What the task requires: Every line in the data below has to be repeated exactly; no picture belongs in the result.

Exercise input below:

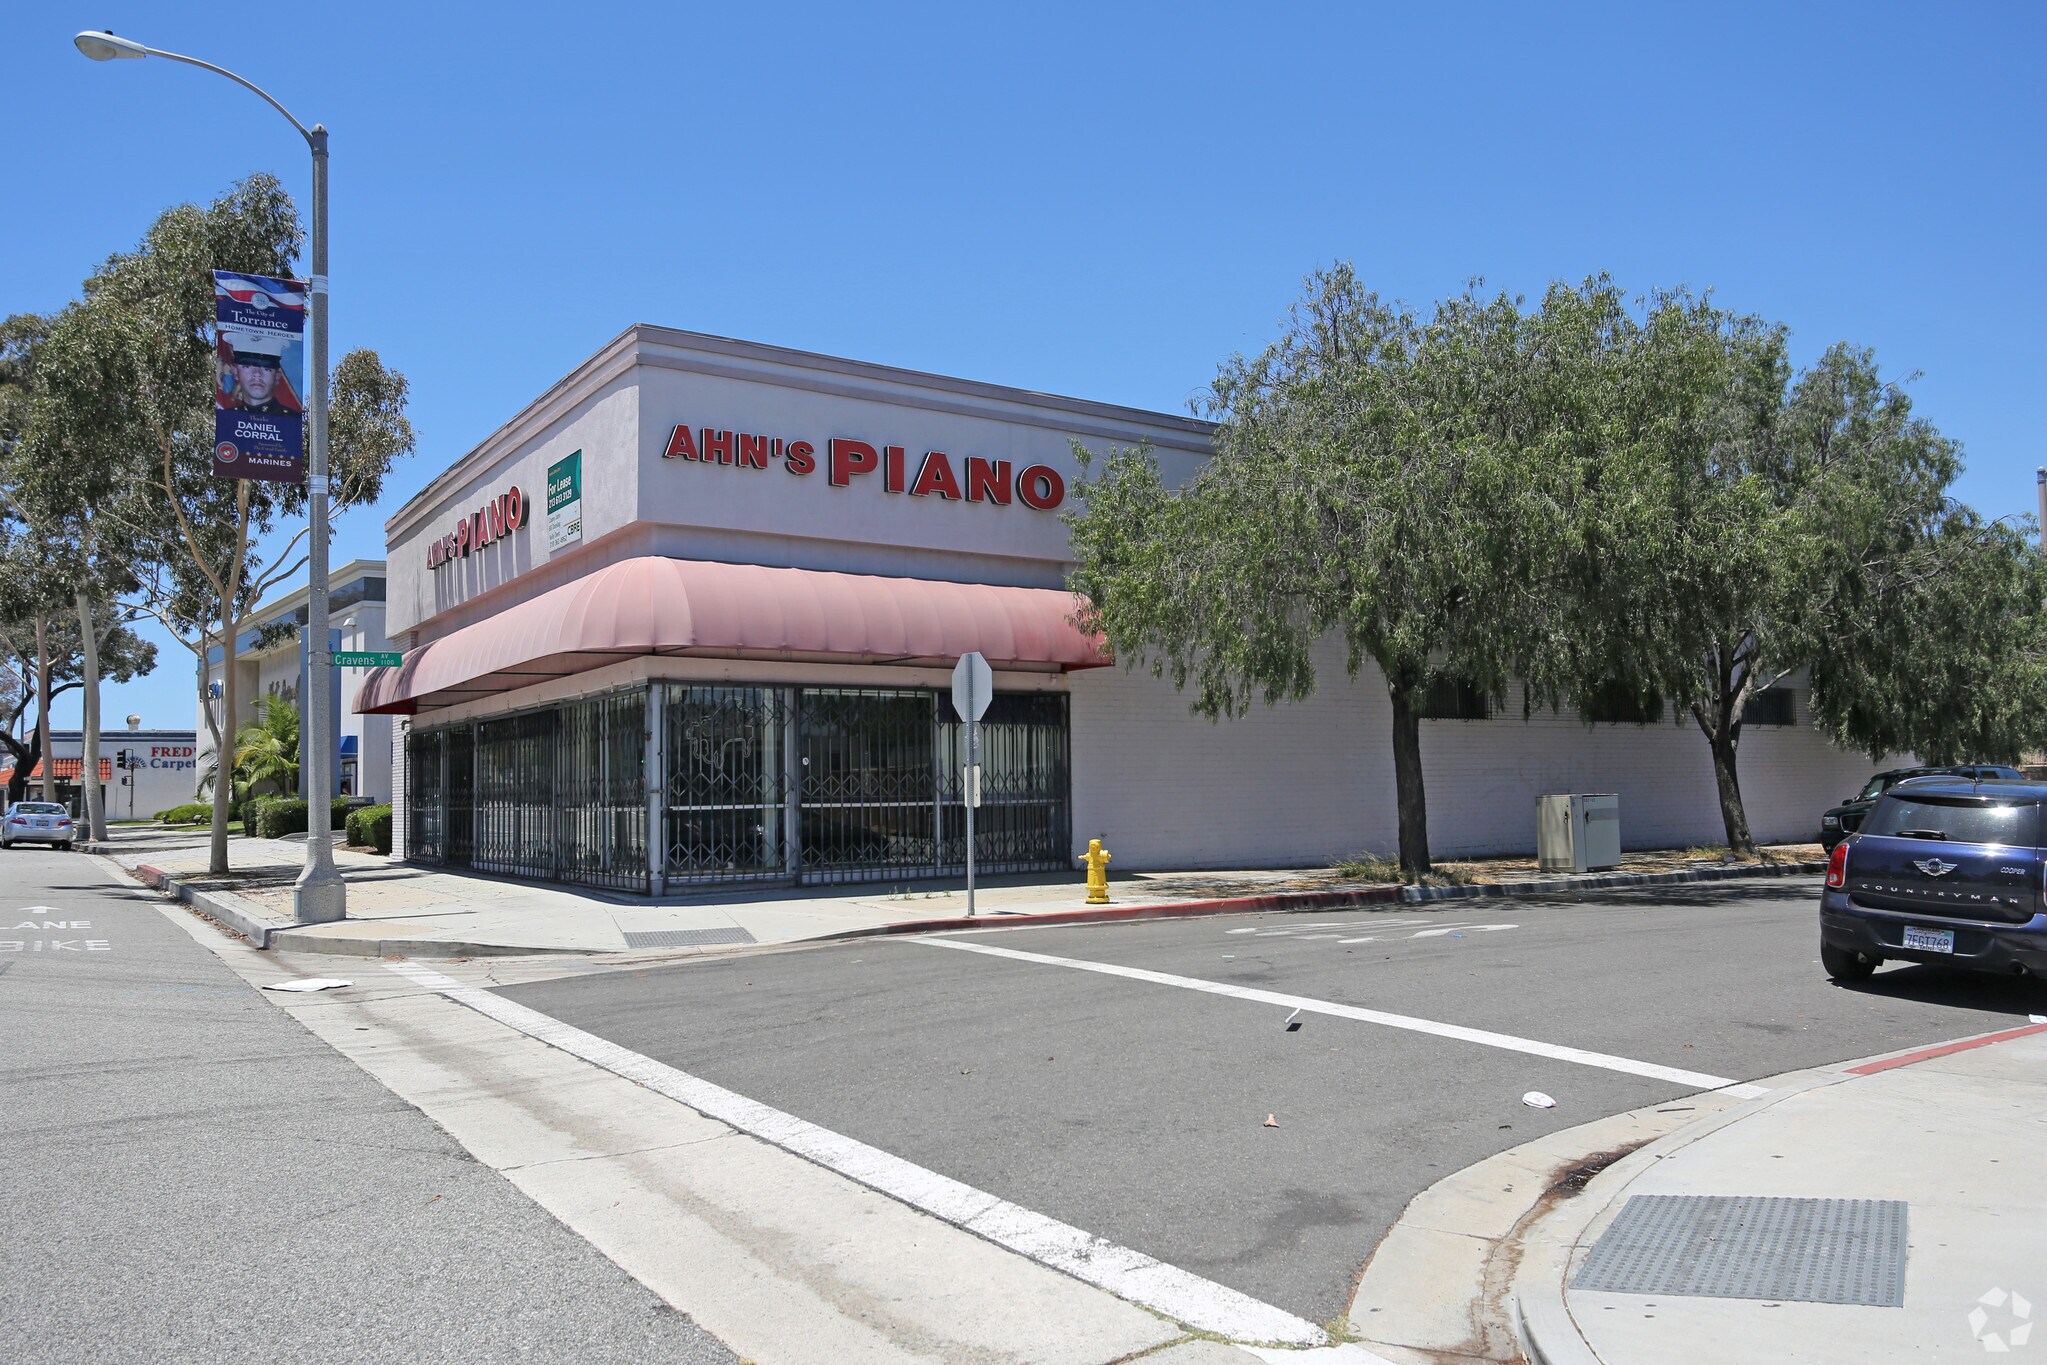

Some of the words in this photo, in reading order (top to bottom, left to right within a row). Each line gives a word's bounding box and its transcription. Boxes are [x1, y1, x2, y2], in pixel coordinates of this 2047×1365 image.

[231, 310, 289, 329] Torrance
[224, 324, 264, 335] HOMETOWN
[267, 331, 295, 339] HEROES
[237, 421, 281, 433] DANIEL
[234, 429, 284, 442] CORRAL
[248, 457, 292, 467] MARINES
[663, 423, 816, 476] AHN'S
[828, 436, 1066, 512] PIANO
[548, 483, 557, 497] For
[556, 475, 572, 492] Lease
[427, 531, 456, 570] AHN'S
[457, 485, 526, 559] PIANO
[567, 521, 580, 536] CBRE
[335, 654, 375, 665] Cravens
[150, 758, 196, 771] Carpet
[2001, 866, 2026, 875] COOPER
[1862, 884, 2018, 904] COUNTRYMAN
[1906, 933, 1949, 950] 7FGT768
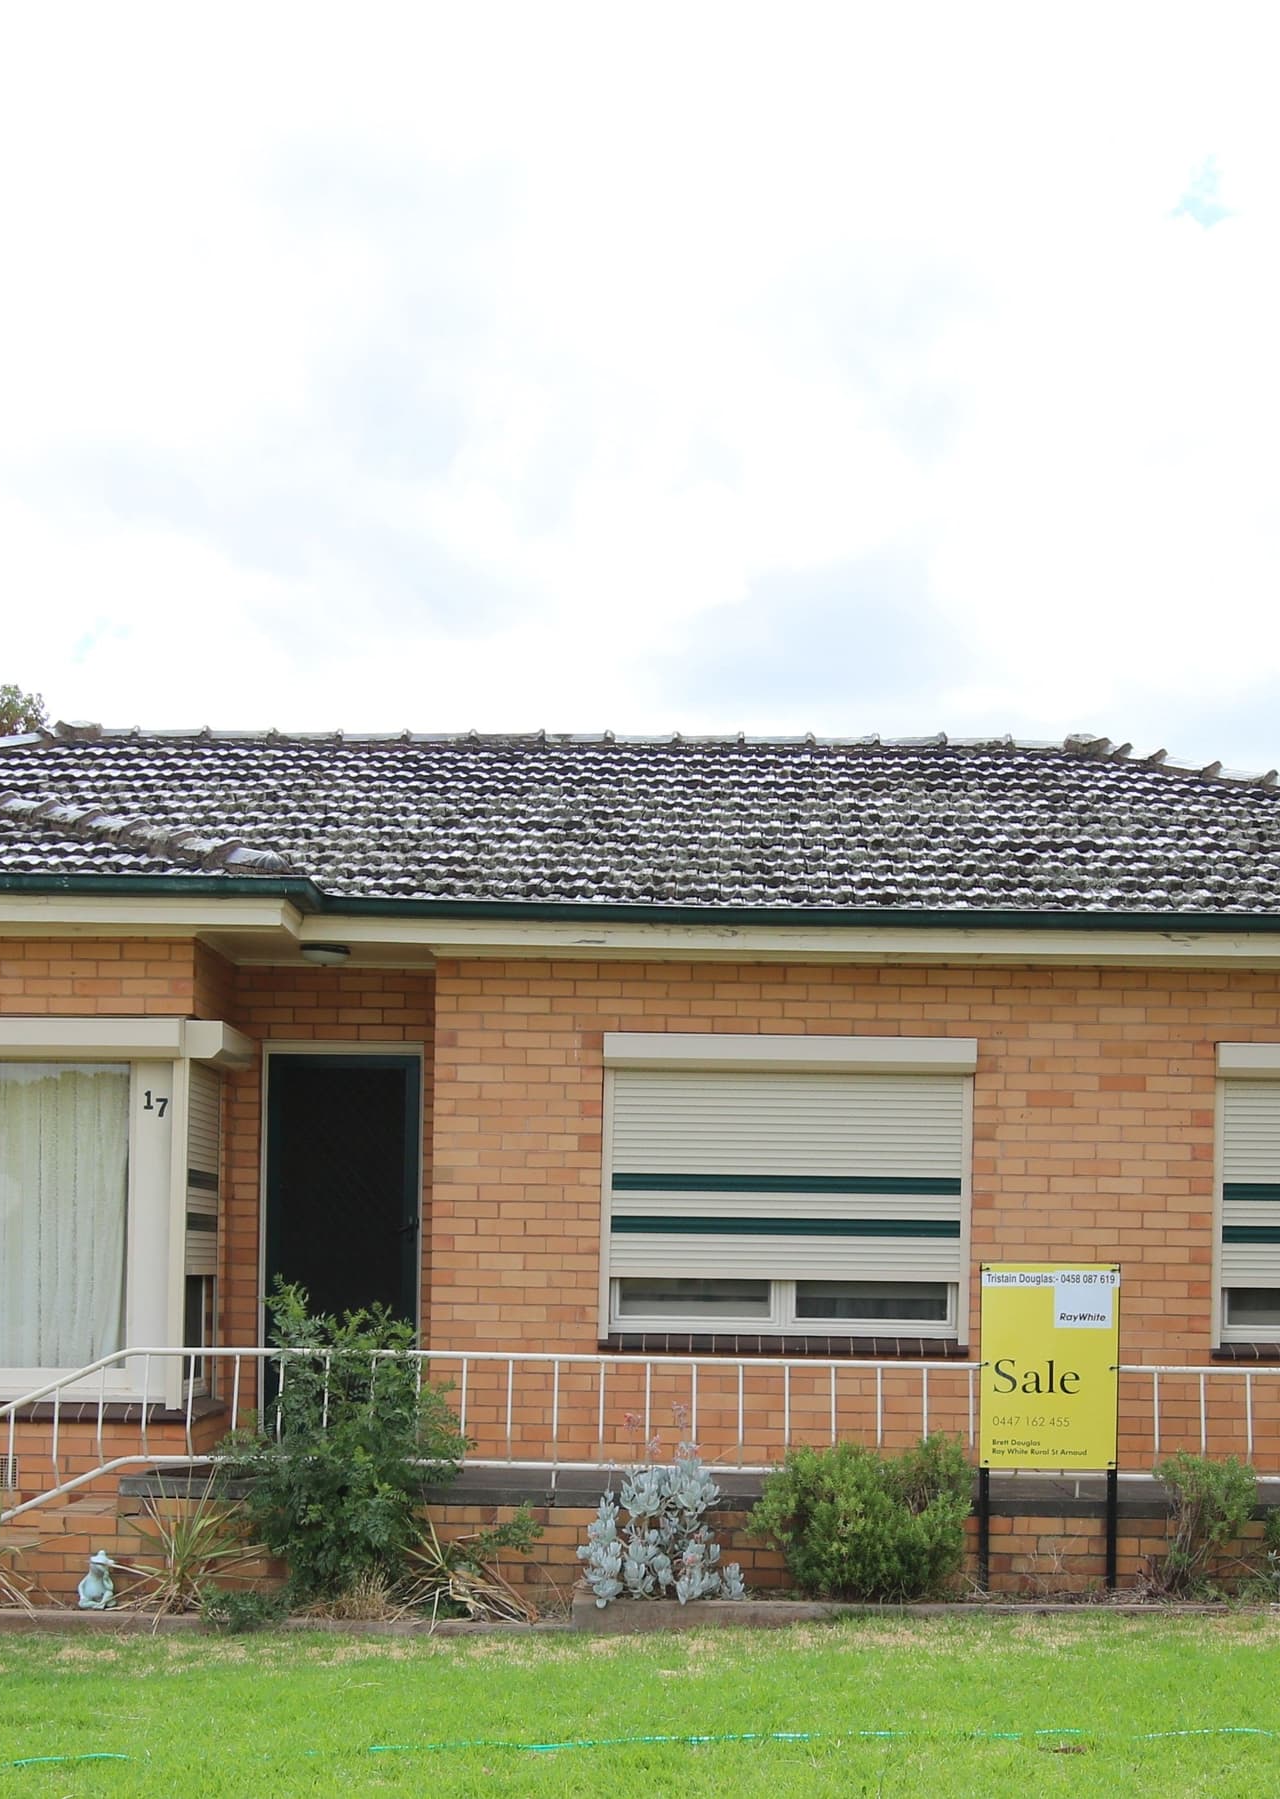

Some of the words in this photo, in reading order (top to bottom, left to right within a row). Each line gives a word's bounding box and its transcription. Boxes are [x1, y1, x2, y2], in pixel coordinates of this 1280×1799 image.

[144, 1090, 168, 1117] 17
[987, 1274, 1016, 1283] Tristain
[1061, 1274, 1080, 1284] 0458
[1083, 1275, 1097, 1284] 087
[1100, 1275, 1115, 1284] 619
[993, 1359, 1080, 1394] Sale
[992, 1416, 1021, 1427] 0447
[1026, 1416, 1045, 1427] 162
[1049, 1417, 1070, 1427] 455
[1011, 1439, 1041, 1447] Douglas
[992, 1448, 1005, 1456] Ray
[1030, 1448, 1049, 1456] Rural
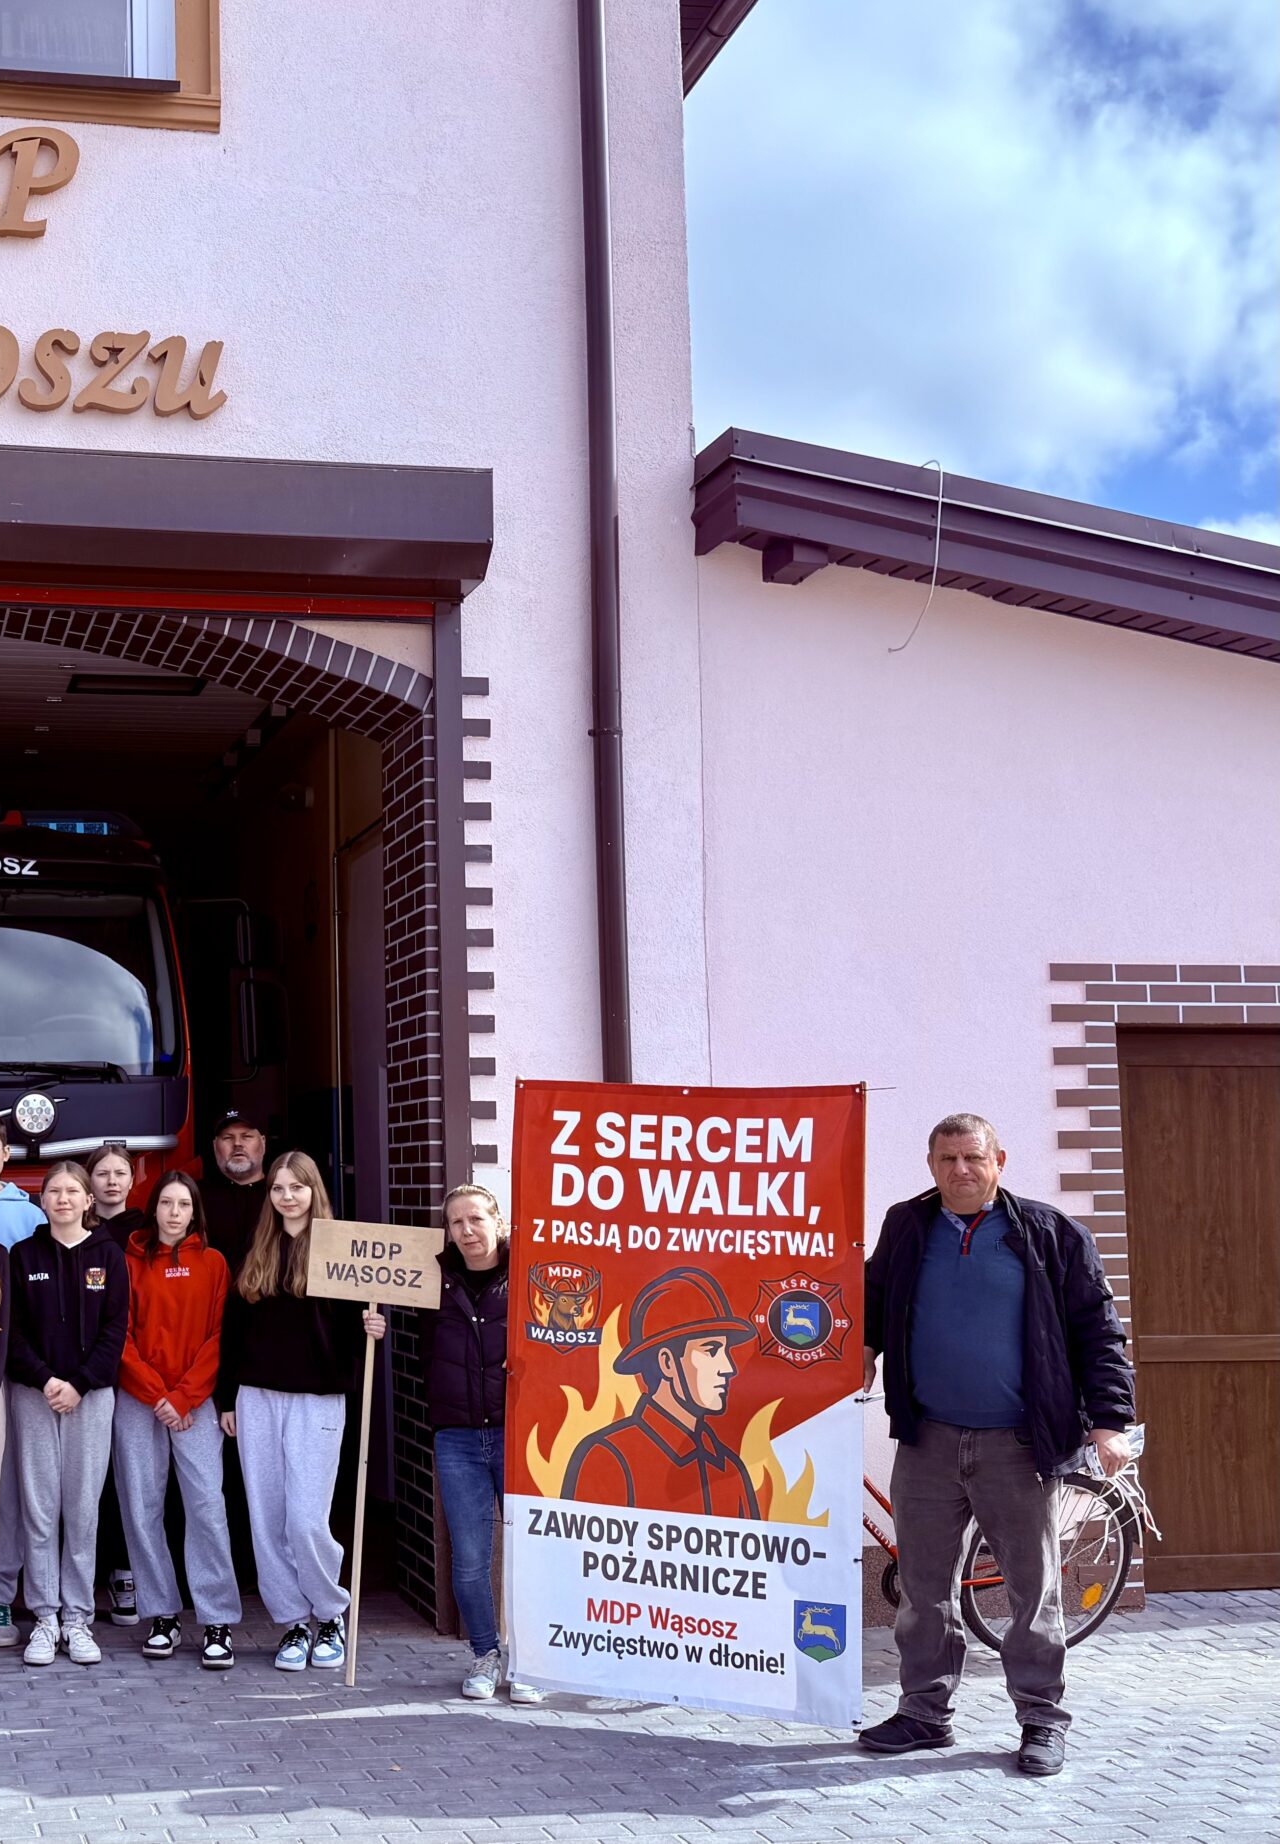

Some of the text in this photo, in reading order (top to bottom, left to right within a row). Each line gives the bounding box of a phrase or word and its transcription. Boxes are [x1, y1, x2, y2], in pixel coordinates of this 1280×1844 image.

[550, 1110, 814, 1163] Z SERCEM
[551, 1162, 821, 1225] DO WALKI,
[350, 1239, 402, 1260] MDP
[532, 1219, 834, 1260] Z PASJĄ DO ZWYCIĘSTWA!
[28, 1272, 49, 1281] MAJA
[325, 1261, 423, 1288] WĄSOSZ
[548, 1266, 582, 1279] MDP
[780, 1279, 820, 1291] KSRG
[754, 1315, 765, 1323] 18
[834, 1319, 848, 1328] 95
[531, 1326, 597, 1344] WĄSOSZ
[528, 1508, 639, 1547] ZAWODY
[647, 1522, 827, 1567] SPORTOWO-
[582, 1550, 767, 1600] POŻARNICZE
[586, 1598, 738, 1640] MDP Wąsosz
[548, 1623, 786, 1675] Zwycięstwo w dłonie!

End of Exercise input.

Result:
Some of the words in this photo, in reading order (top to bottom, left to right within a row). Each line gives a word's bounding box and its transcription. Boxes are [x1, y1, x2, y2], in pixel coordinates of this 2047×1365 image.

[231, 310, 289, 329] Torrance
[224, 324, 264, 335] HOMETOWN
[267, 331, 295, 339] HEROES
[237, 421, 281, 433] DANIEL
[234, 429, 284, 442] CORRAL
[248, 457, 292, 467] MARINES
[663, 423, 816, 476] AHN'S
[828, 436, 1066, 512] PIANO
[548, 483, 557, 497] For
[556, 475, 572, 492] Lease
[427, 531, 456, 570] AHN'S
[457, 485, 526, 559] PIANO
[567, 521, 580, 536] CBRE
[335, 654, 375, 665] Cravens
[150, 758, 196, 771] Carpet
[2001, 866, 2026, 875] COOPER
[1862, 884, 2018, 904] COUNTRYMAN
[1906, 933, 1949, 950] 7FGT768

Some of the words in this photo, in reading order (top to bottom, left to right within a row). Each line gives a word's bounding box and its transcription. Boxes are [x1, y1, x2, y2], in pixel coordinates of this 1280×1799 image.

[144, 1090, 168, 1117] 17
[987, 1274, 1016, 1283] Tristain
[1061, 1274, 1080, 1284] 0458
[1083, 1275, 1097, 1284] 087
[1100, 1275, 1115, 1284] 619
[993, 1359, 1080, 1394] Sale
[992, 1416, 1021, 1427] 0447
[1026, 1416, 1045, 1427] 162
[1049, 1417, 1070, 1427] 455
[1011, 1439, 1041, 1447] Douglas
[992, 1448, 1005, 1456] Ray
[1030, 1448, 1049, 1456] Rural

Some of the text in this photo, in reading order (top to bottom, left to right within a row). Each line gives the bounding box of a phrase or word and its transcription. Boxes are [x1, y1, x2, y2], in pixel coordinates of this 1280×1844 image.

[550, 1110, 814, 1163] Z SERCEM
[551, 1162, 821, 1225] DO WALKI,
[350, 1239, 402, 1260] MDP
[532, 1219, 834, 1260] Z PASJĄ DO ZWYCIĘSTWA!
[28, 1272, 49, 1281] MAJA
[325, 1261, 423, 1288] WĄSOSZ
[548, 1266, 582, 1279] MDP
[780, 1279, 820, 1291] KSRG
[754, 1315, 765, 1323] 18
[834, 1319, 848, 1328] 95
[531, 1326, 597, 1344] WĄSOSZ
[528, 1508, 639, 1547] ZAWODY
[647, 1522, 827, 1567] SPORTOWO-
[582, 1550, 767, 1600] POŻARNICZE
[586, 1598, 738, 1640] MDP Wąsosz
[548, 1623, 786, 1675] Zwycięstwo w dłonie!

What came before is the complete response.